▸ Prompt
Leaving the pictures aside, repeat each line below exactly.

▸ Exercise inputs

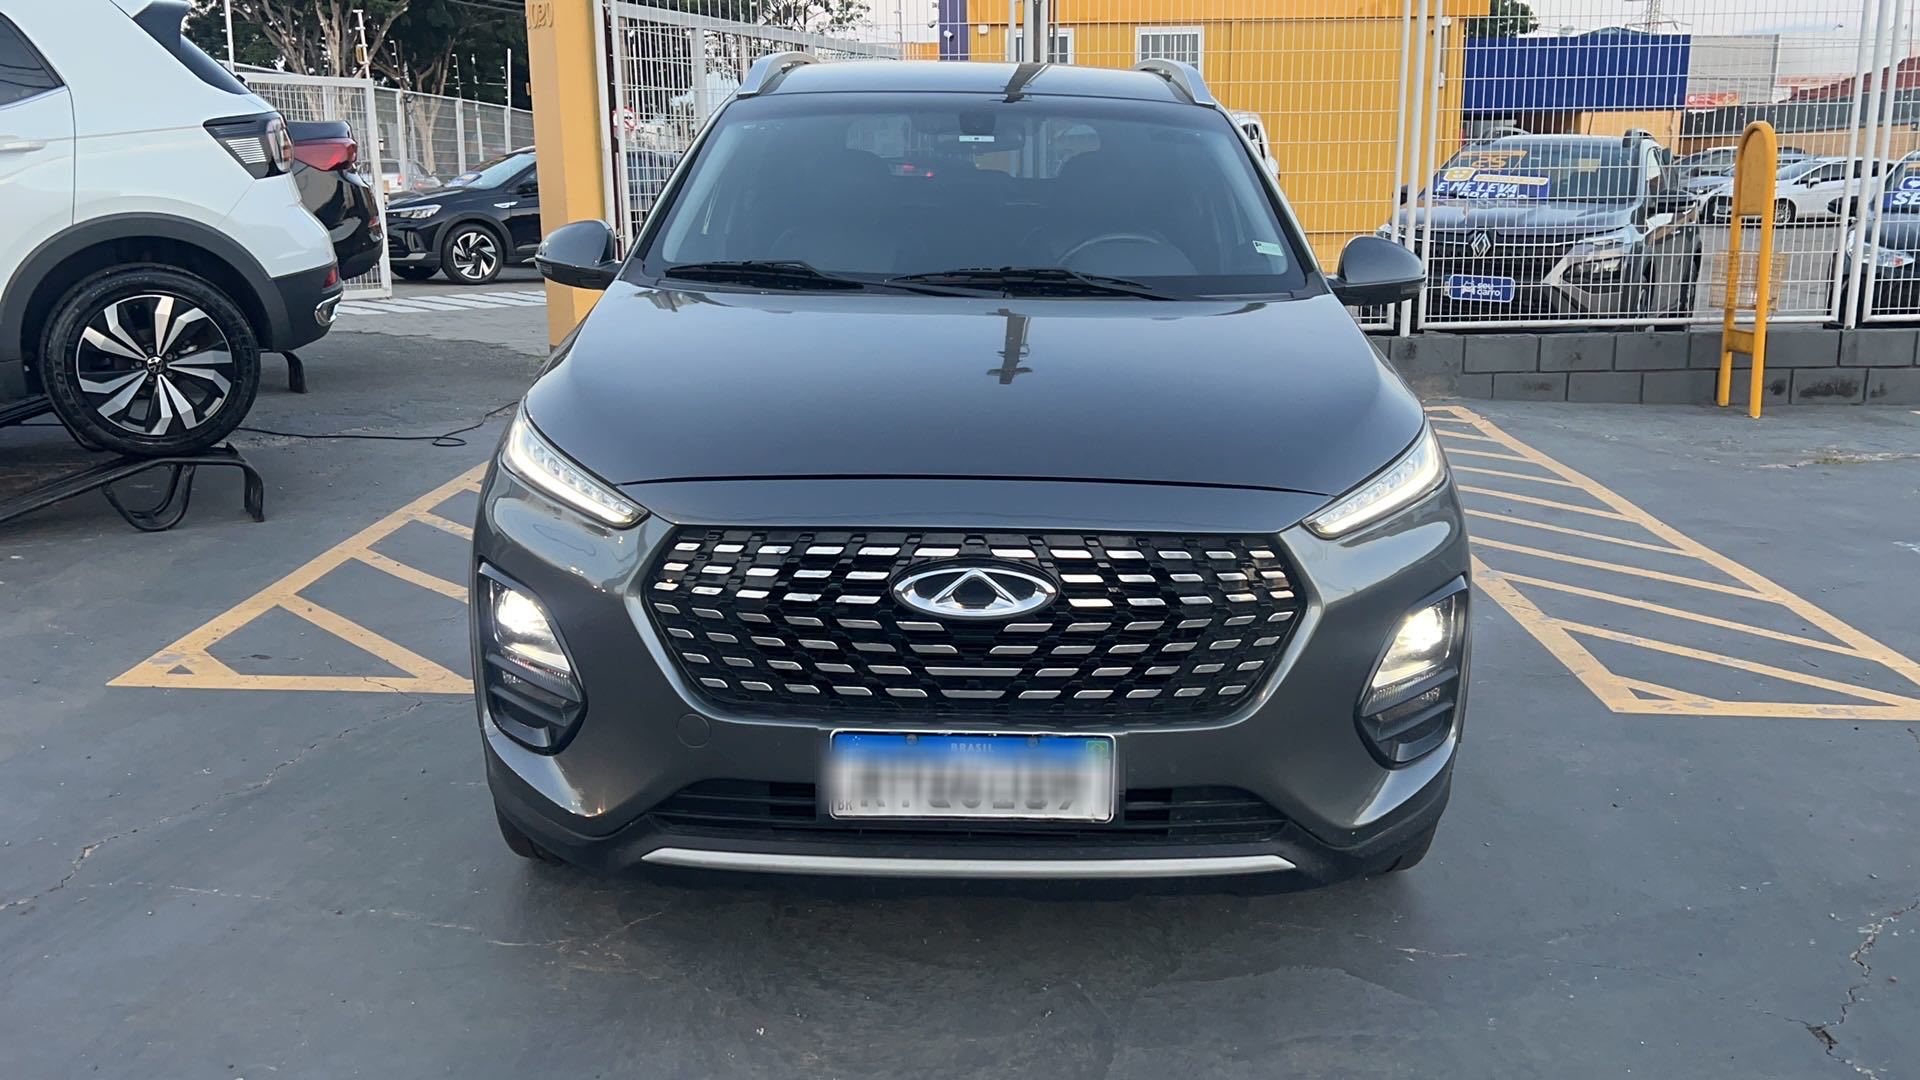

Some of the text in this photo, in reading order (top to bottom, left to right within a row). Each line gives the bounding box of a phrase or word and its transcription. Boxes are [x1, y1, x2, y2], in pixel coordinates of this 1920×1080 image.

[1450, 182, 1475, 192] ME
[1477, 182, 1519, 194] LEVA
[1477, 289, 1501, 297] carro
[950, 742, 993, 753] BRASIL
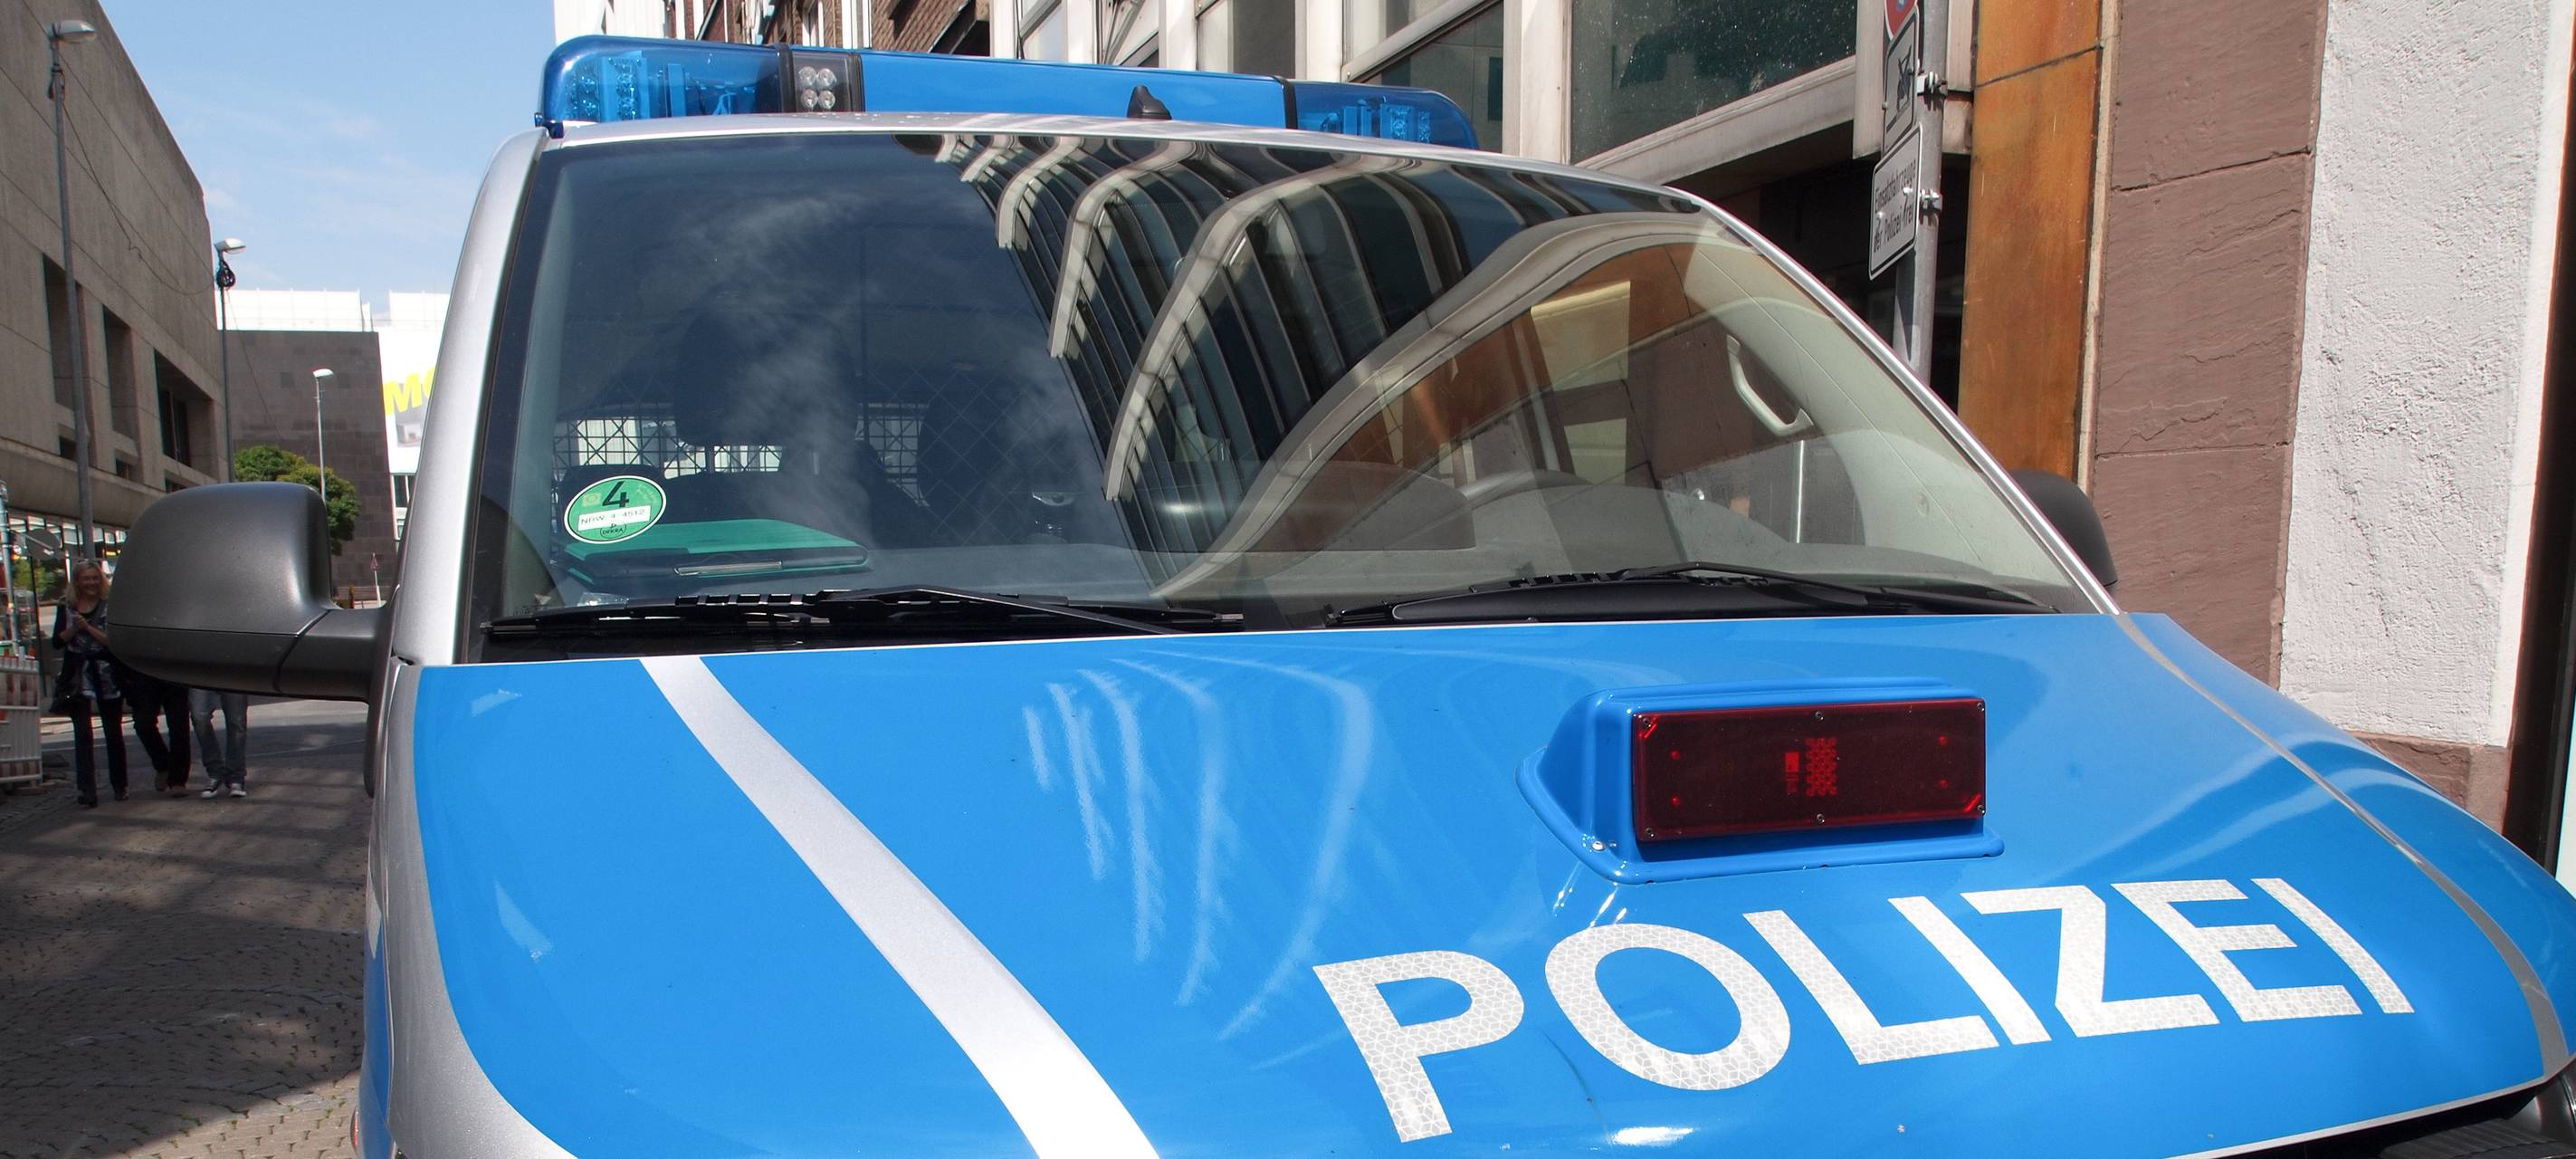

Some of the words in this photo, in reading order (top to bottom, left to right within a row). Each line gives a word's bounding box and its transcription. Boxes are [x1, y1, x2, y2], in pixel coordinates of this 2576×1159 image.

[1884, 206, 1902, 245] Polizei
[602, 481, 629, 507] 4
[1312, 876, 2413, 1142] POLIZEI
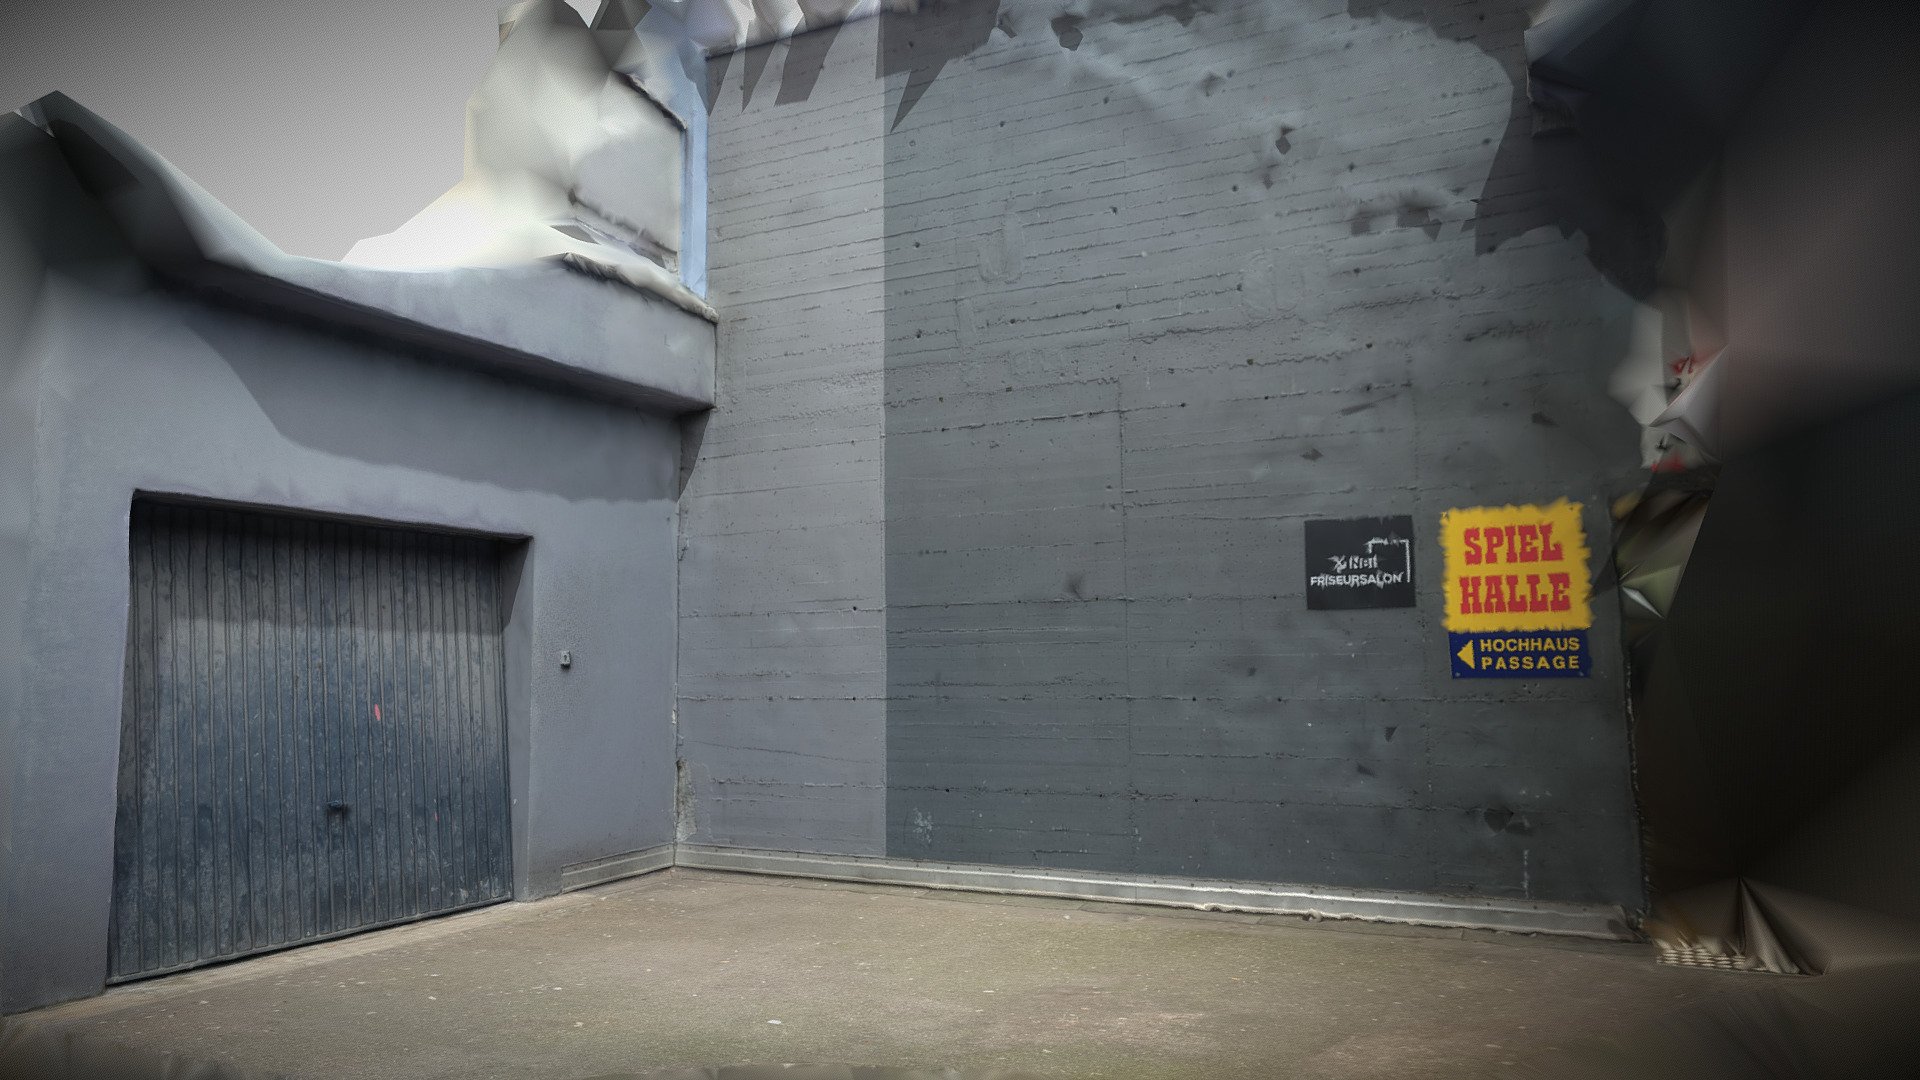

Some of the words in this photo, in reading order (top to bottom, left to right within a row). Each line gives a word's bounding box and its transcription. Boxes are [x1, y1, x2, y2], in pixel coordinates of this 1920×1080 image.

[1463, 521, 1563, 564] SPIEL
[1310, 573, 1402, 588] FRISEURSALON
[1459, 572, 1571, 615] HALLE
[1480, 637, 1580, 652] HOCHHAUS
[1481, 656, 1580, 670] PASSAGE

▸ Exercise result
Some of the text in this photo, in reading order (top to bottom, left to right within a row). Each line gives the bounding box of a phrase or word and its transcription. Boxes are [x1, y1, x2, y2], in pixel coordinates of this 1920×1080 image.

[1450, 182, 1475, 192] ME
[1477, 182, 1519, 194] LEVA
[1477, 289, 1501, 297] carro
[950, 742, 993, 753] BRASIL

Some of the words in this photo, in reading order (top to bottom, left to right within a row). Each line gives a word's bounding box and its transcription. Boxes are [x1, y1, x2, y2], in pixel coordinates of this 2576×1159 image.

[1884, 206, 1902, 245] Polizei
[602, 481, 629, 507] 4
[1312, 876, 2413, 1142] POLIZEI

Some of the words in this photo, in reading order (top to bottom, left to right within a row). Each line gives a word's bounding box and its transcription. Boxes are [x1, y1, x2, y2], in pixel coordinates of this 1920×1080 image.

[1463, 521, 1563, 564] SPIEL
[1310, 573, 1402, 588] FRISEURSALON
[1459, 572, 1571, 615] HALLE
[1480, 637, 1580, 652] HOCHHAUS
[1481, 656, 1580, 670] PASSAGE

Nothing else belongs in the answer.